(Spatial localization data)

Start of Block

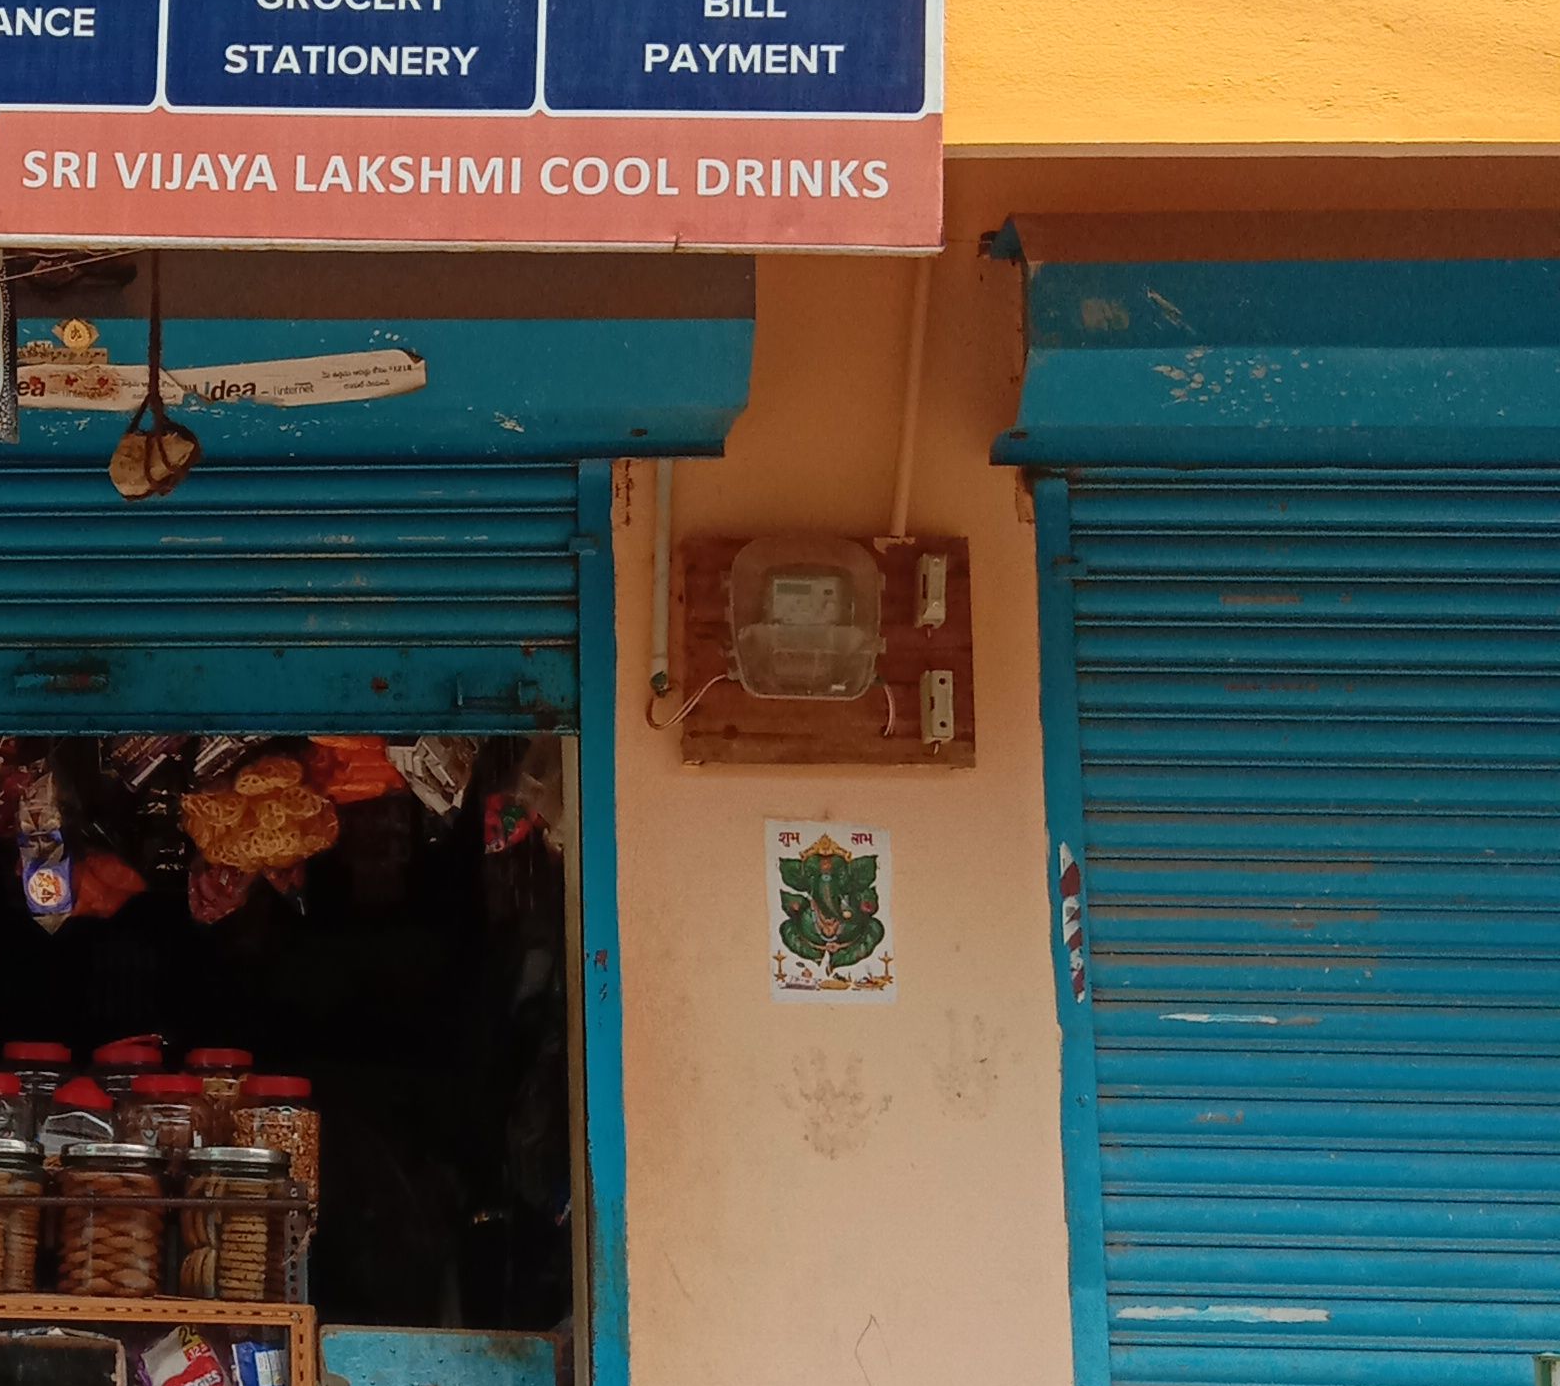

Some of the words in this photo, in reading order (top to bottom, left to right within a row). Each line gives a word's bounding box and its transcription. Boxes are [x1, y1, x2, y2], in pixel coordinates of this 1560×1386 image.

[224, 44, 479, 76] STATIONERY
[644, 43, 845, 74] PAYMENT
[22, 150, 97, 188] SRI
[114, 152, 278, 191] VIJAYA
[295, 155, 521, 194] LAKSHMI
[540, 157, 679, 195] COOL
[697, 158, 889, 199] DRINKS
[778, 831, 801, 847] शुभ
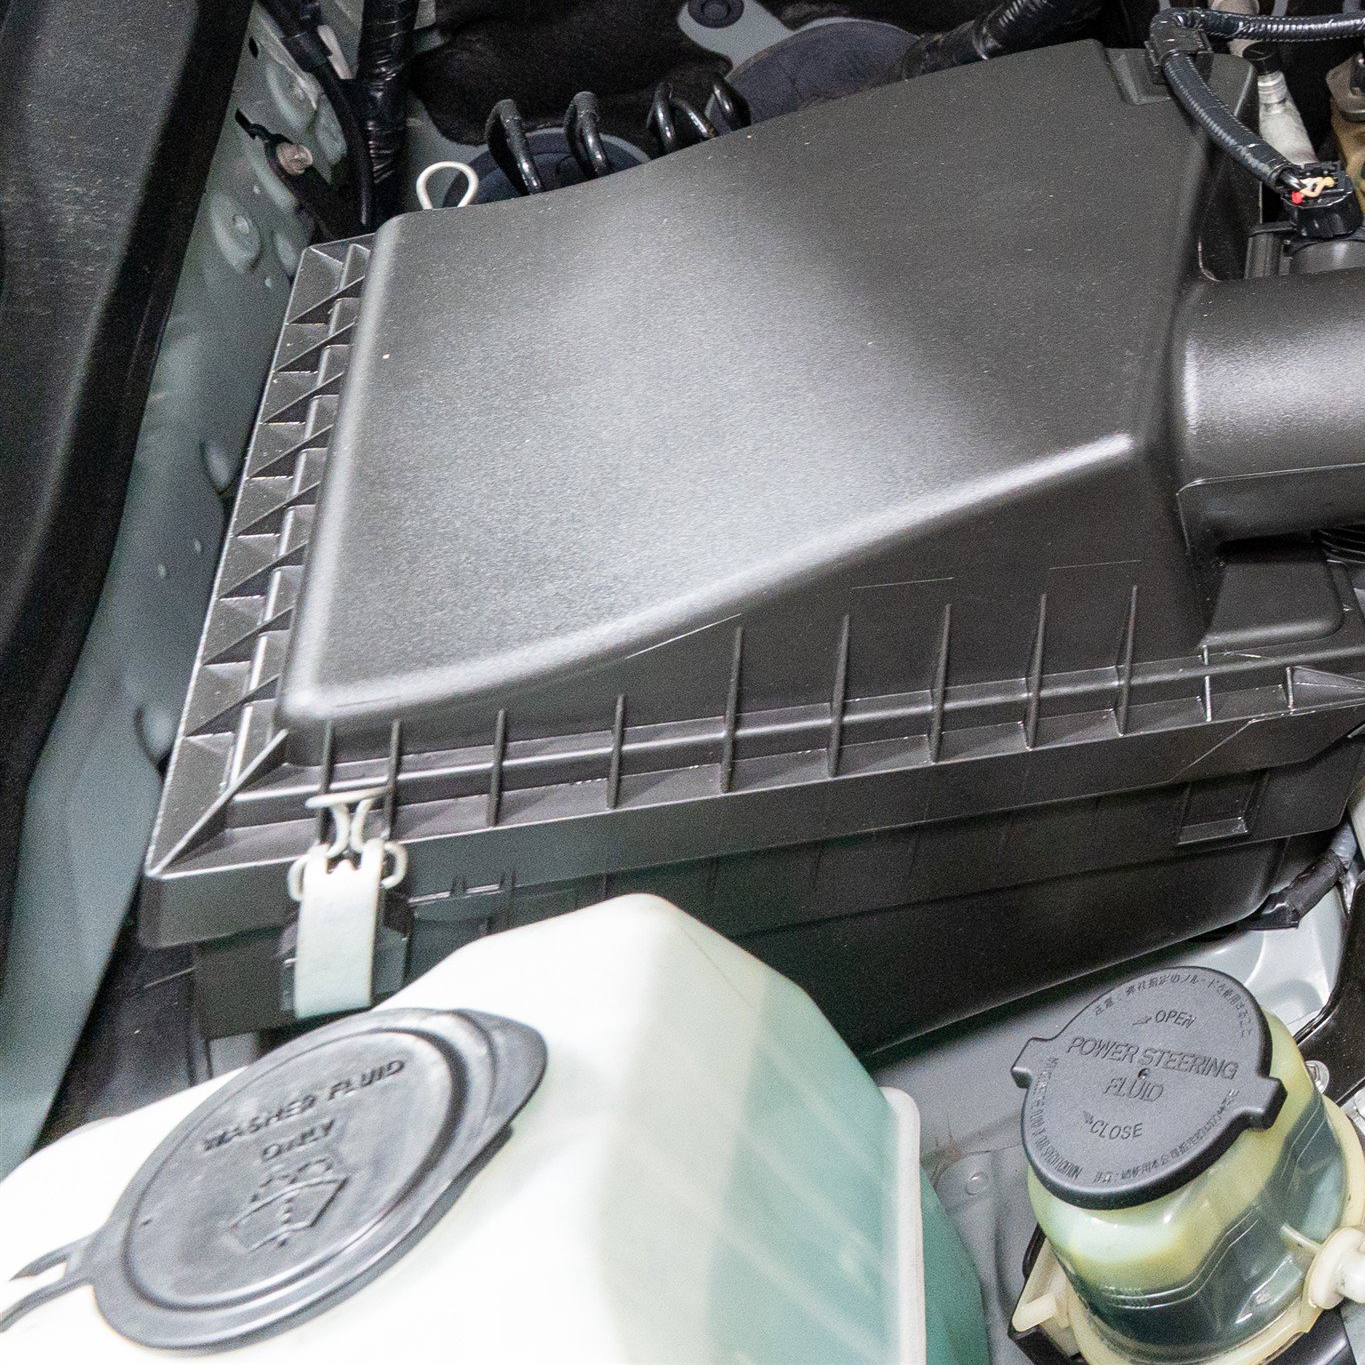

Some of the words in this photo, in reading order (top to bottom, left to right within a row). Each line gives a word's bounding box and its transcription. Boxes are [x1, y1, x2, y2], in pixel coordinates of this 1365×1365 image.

[1154, 1009, 1197, 1029] OPEN
[1065, 1035, 1141, 1063] POWER
[1137, 1046, 1240, 1081] STEERING
[327, 1058, 406, 1101] FLUID
[1102, 1075, 1165, 1103] FLUID
[1089, 1120, 1144, 1141] CLOSE

End of Block

WORK ORDER —
Print only the lines from the one with "this 1365×1365 image." to the end of the records, both included.

SOLUTION FOR THIS PROBLEM —
Some of the words in this photo, in reading order (top to bottom, left to right within a row). Each line gives a word's bounding box and its transcription. Boxes are [x1, y1, x2, y2], in pixel coordinates of this 1365×1365 image.

[1154, 1009, 1197, 1029] OPEN
[1065, 1035, 1141, 1063] POWER
[1137, 1046, 1240, 1081] STEERING
[327, 1058, 406, 1101] FLUID
[1102, 1075, 1165, 1103] FLUID
[1089, 1120, 1144, 1141] CLOSE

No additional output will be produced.